How much you raise may not matter that much, but I’m about to argue that how you raise it makes a big difference. Two data points.
Boosters, including state Chairman Wayne Semprini, spent much of last year urging the national campaign staff to have Giuliani spend more time in New Hampshire. “We couldn’t get Rudy for a lot of prime-time evening things and breakfasts because the New York people were telling us he had to fundraise for what they called a ‘national’ campaign,” the volunteer recalls. “He’d do a fundraising breakfast out of state, come in here for an event, then fly out and do a dinner fundraiser somewhere.”
Officials familiar with Romney’s plans cautioned they could yet changes.
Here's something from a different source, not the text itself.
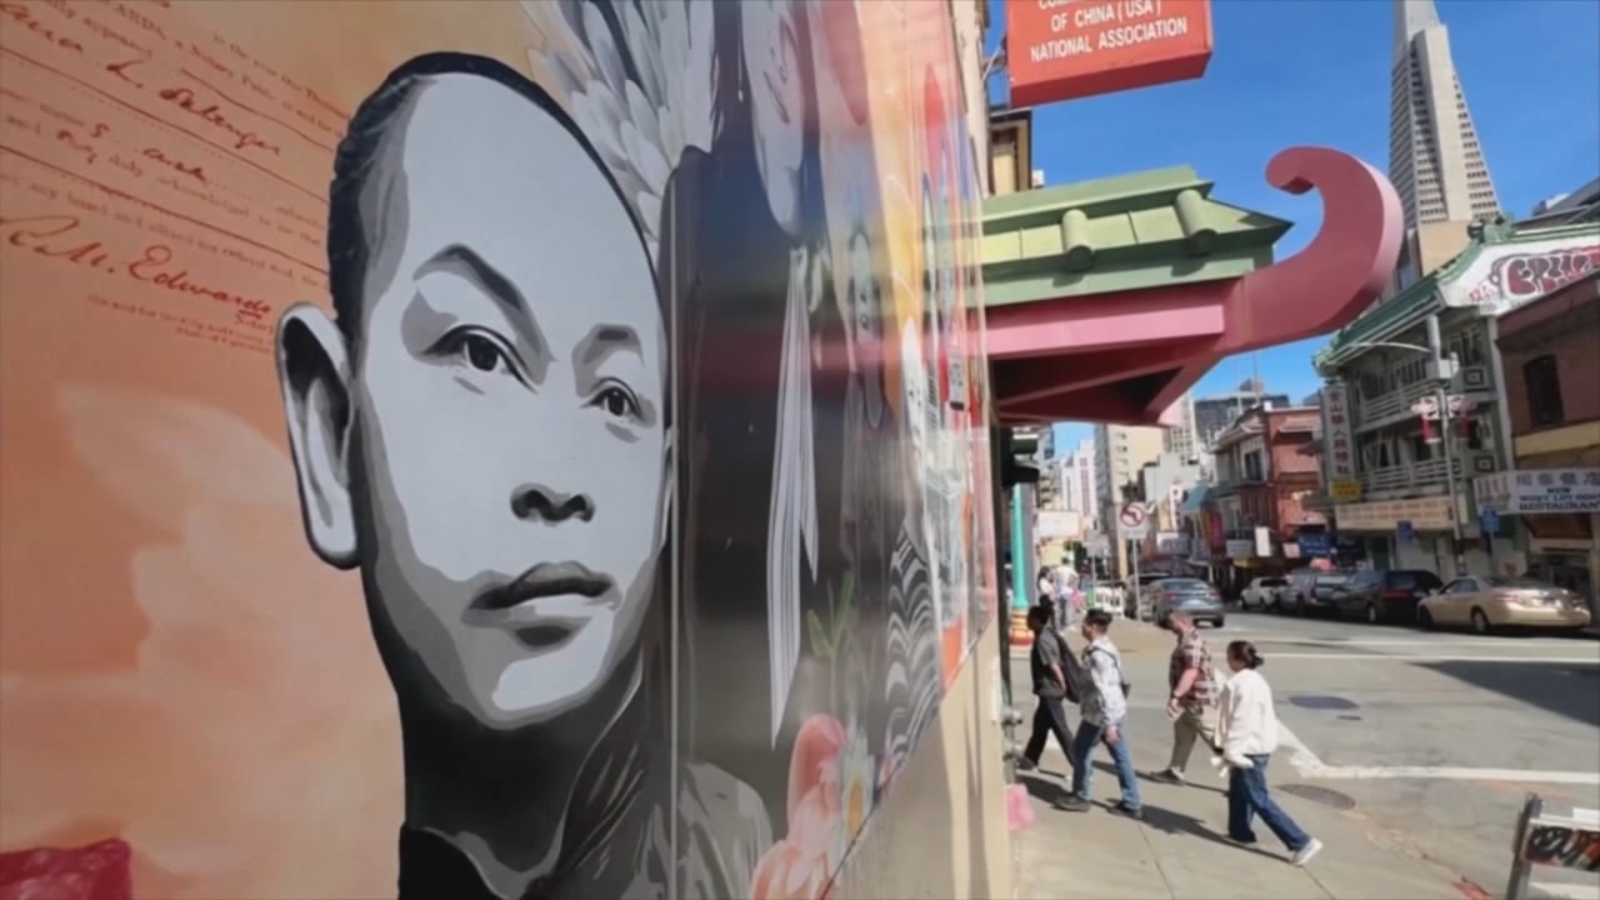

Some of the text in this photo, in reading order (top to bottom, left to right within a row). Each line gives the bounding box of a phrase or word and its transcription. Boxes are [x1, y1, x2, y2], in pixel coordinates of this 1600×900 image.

[1051, 12, 1068, 32] OF
[1074, 4, 1115, 28] CHINA
[1030, 16, 1188, 62] NATIONAL ASSOCIATION
They said that paradoxically, the Florida defeat had been followed with a particularly strong day of online fundraising. But they added that in discussions so far, the former Massachusetts governor had selected the least costly of a variety of options prepared for his review.
The first quote comes from the Leahy & Shear postmortem on Rudy. It recounts how the focus on fundraising — and specifically high-dollar event fundraising — helped squander the very thing they were fundraising for: a vigorous on-the-ground campaign in places like New Hampshire.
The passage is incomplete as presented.